The circle equation is a fundamental concept in geometry and algebra that helps define a circle on a coordinate plane. An important aspect to understand is that the standard form of a circle equation is \[(x-h)^2 + (y-k)^2 = r^2\]where:

• \((h, k)\) represents the center of the circle.
• \(r\) is the radius of the circle.

In our exercise, the given equation is \((x-4)^2 + y^2 = 7\).

• Comparing it to the standard form, it's clear that the circle has its center at \((h, k) = (4, 0)\).
• The equation also shows us that \(r^2 = 7\).

This format is very helpful as it enables you to quickly identify the key features of the circle, the center and the radius square, directly from the equation.

Graphing a circle involves several straightforward steps that help ensure you accurately depict the shape on a coordinate plane. Here’s a simple method you can follow:

• First, plot the center of the circle. Using coordinates \((h, k)\), locate this point on the graph. In our exercise, this is the point \((4, 0)\).
• Next, identify the radius of the circle from the radius squared term in the equation. If the equation is of the form \((x-h)^2 + (y-k)^2 = r^2\), you need to find \(r\) by taking the square root of the number on the right side.
• Once you know the radius, use a compass or a similar tool to draw a circle around the center point.
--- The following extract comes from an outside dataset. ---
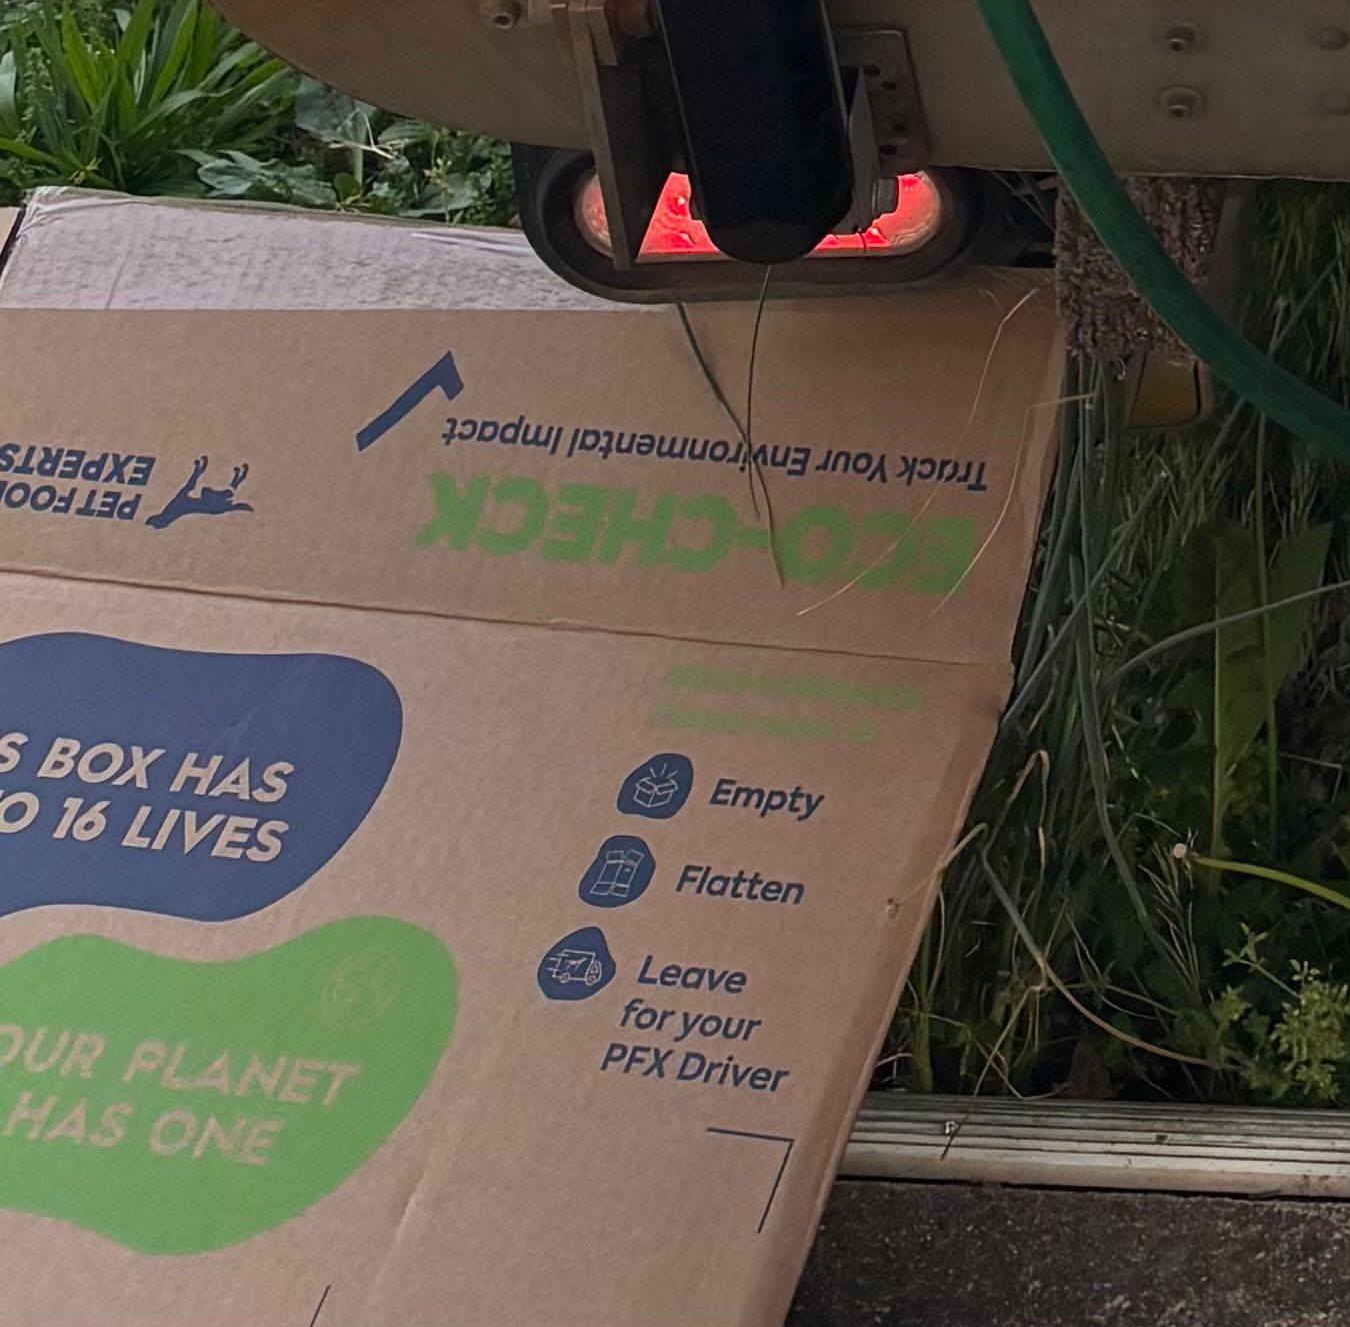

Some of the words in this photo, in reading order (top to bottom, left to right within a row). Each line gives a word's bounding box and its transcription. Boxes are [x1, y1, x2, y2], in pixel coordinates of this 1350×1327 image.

Ensure that every point on the circle is exactly a radius length from the center.

This process accurately depicts a circle. Make sure to keep your graph neat, helping you maintain precision in sketching.

Understanding how to calculate the radius from a circle's equation is crucial in graphing and determining the circle's size.
Within a circle equation, such as \((x-h)^2 + (y-k)^2 = r^2\), the term \(r^2\) represents the square of the radius. To find \(r\):

• Identify \(r^2\) in the equation. In our exercise, \(r^2 = 7\).
• To solve for \(r\), take the square root of \(r^2\). This gives \(r = \sqrt{7}\).

This square root method works universally for circle equations and is a simple yet powerful tool to master. Despite seeming complex, calculations involving square roots become straightforward once you are familiar with the process. Always approximate square roots for decimal values as necessary, such as using \(\sqrt{7} \approx 2.645\) in practical graphing.